In this article I investigate a decentralized infrastructure meant to assist autonomous vehicles in making decisions. More akin to a call centre than a centralized control room, Nissan’s ‘Seamless Autonomous Mobility’ (SAM) project imagines that remote ‘mobility managers’ will intervene in the decision-making of autonomous vehicles, with the assistance of live video streams and other sensor data. Different from other kinds of AI microwork in which human workers prepare, imitate, or verify AI, mobility managers are envisioned instead as ‘interveners’, meant to directly and actively intervene in the movements of ‘autonomous’ vehicles when unable to negotiate an obstacle.
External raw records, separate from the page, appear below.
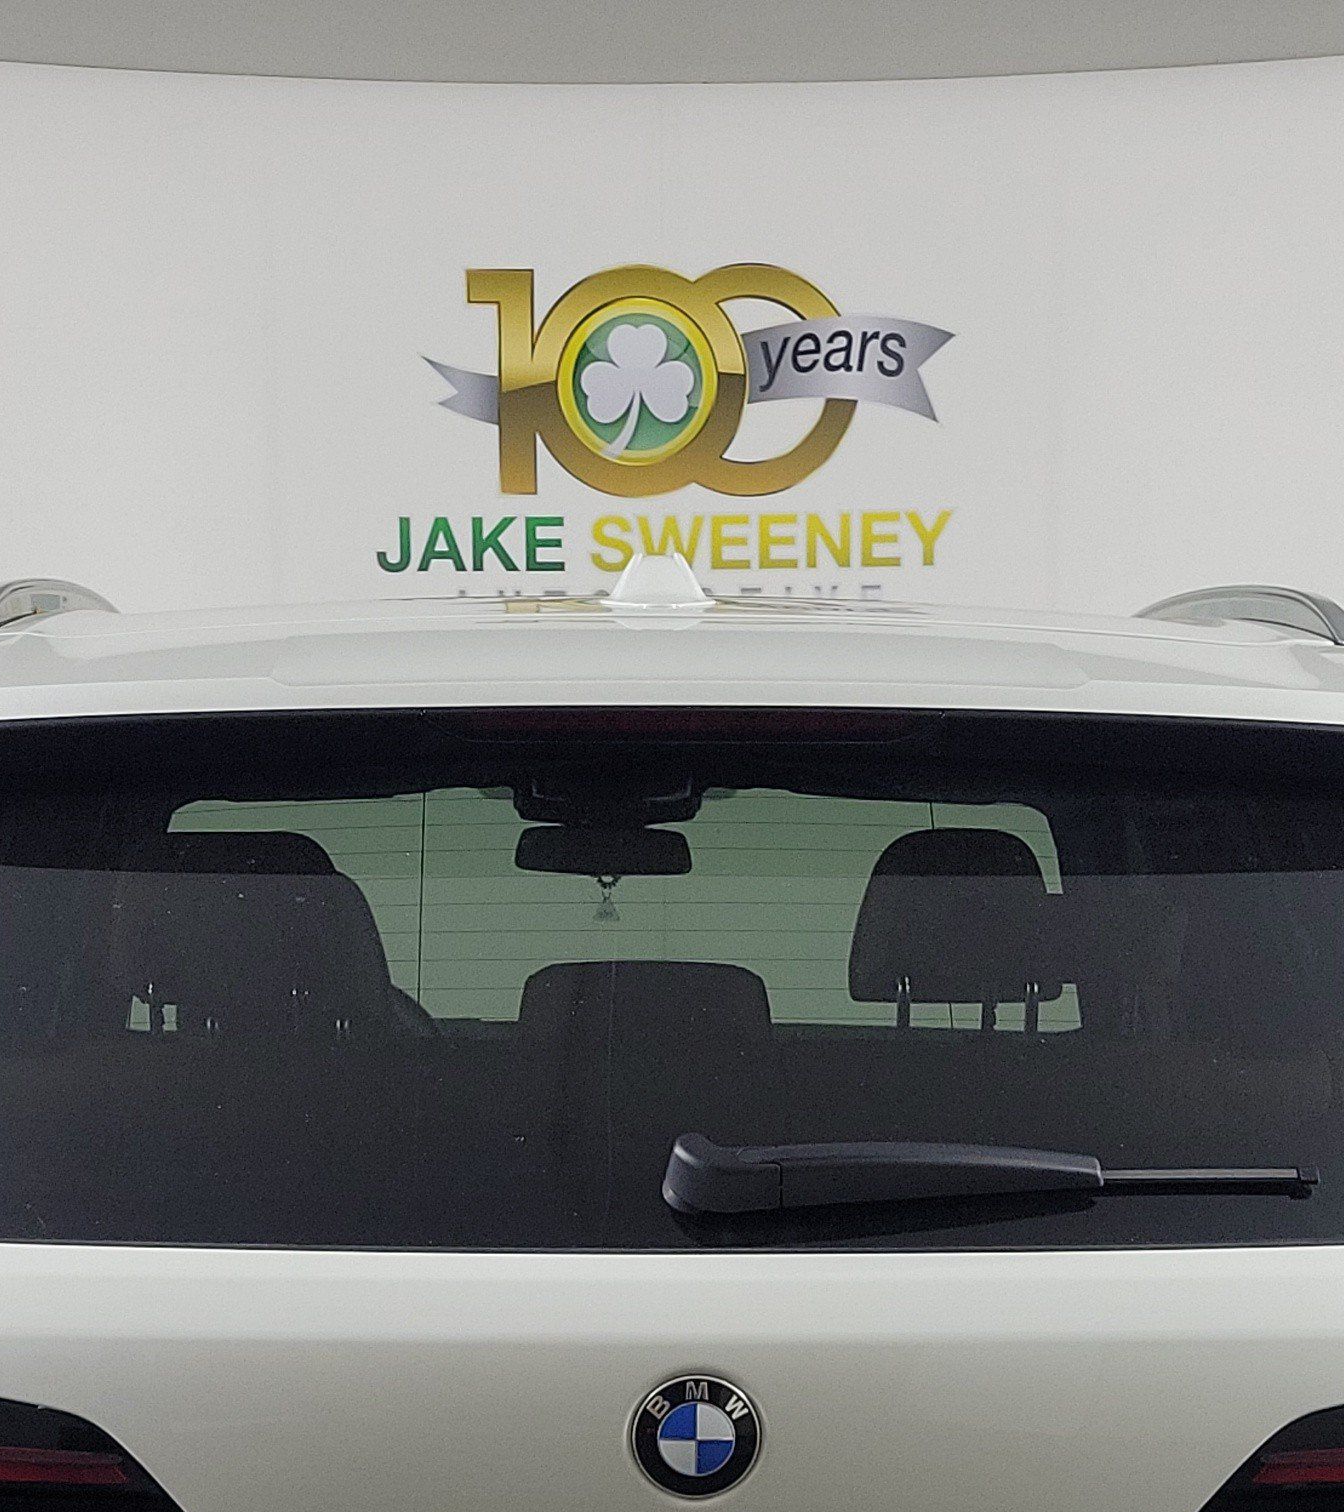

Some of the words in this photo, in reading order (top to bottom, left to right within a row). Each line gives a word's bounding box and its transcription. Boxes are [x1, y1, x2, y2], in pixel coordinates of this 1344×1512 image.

[465, 262, 858, 497] 100
[759, 328, 908, 392] years
[376, 515, 566, 573] JAKE
[589, 510, 953, 573] SWEENEY
[646, 1381, 749, 1420] BMW
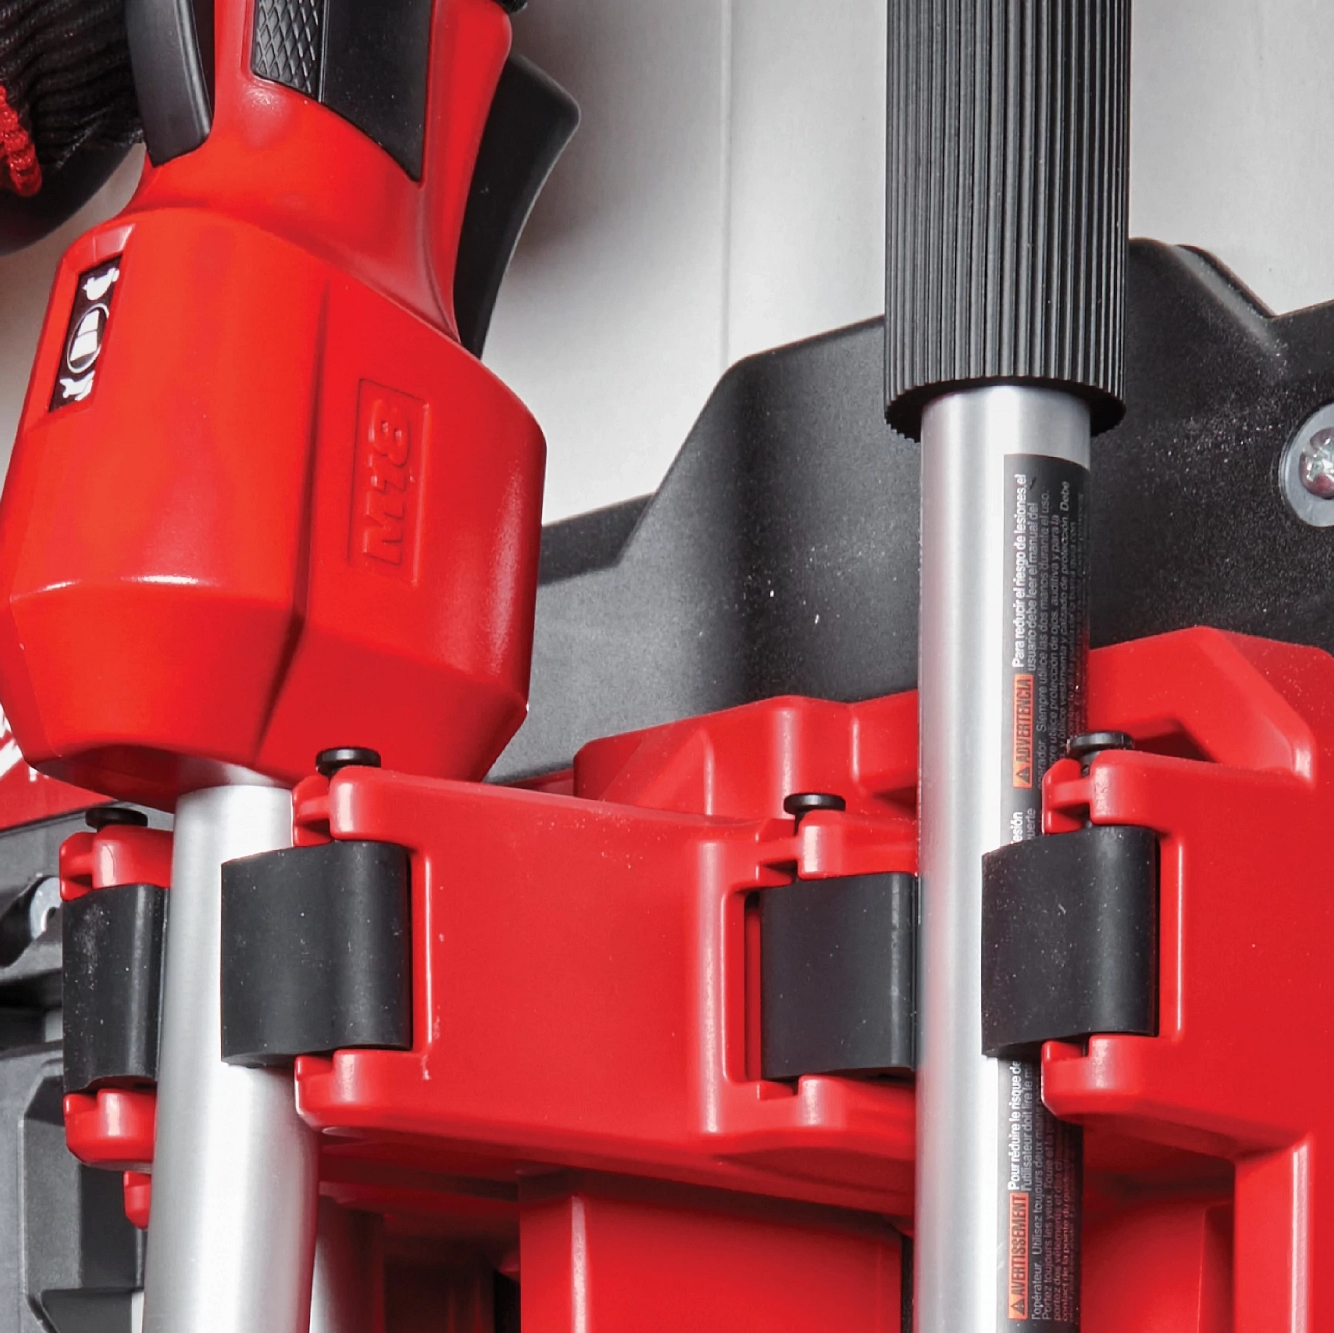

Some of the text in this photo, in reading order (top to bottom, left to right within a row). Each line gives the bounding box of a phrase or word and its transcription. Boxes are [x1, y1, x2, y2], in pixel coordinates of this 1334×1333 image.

[363, 399, 411, 567] M18
[1060, 481, 1069, 511] Debe
[1012, 474, 1027, 667] Para reducir el riesgo de el
[1027, 503, 1038, 671] usuario debe leer el manual del
[1049, 515, 1060, 710] protección de para la
[1036, 516, 1049, 732] Siempre utilice las dos manos durante el
[1016, 679, 1031, 763] ADVERTENCIA
[1007, 1076, 1024, 1190] Pour réduire le risque
[1022, 1111, 1032, 1131] doit
[1023, 1081, 1032, 1091] le
[1023, 1093, 1032, 1109] lire
[1021, 1133, 1032, 1191] l'utilisateur
[1032, 1141, 1044, 1254] Utilisez toujours deux
[1011, 1195, 1026, 1296] AVERTISSEMENT
[1042, 1223, 1053, 1319] Portez toujours les
[1053, 1266, 1061, 1321] portez des
Firstly, through a comparison between SAM and a traffic management system in Los Angeles, I argue that the former ‘normalizes’ intervention, in which decision-making delays become ordinary, if not altogether desirable. Secondly, through an analysis of a video in which such normalized interventions are imagined, I consider how SAM offers a kind of speculative mundanity in which remote workers, enabled by a technological infrastructure, embody a novel logic that modifies the social settings of driving.

Suggested Citation

  • Sam Hind, 2022. "Making decisions: the normal interventions of Nissan ‘mobility managers’," Mobilities, Taylor & Francis Journals, vol. 17(4), pages 467-483, July.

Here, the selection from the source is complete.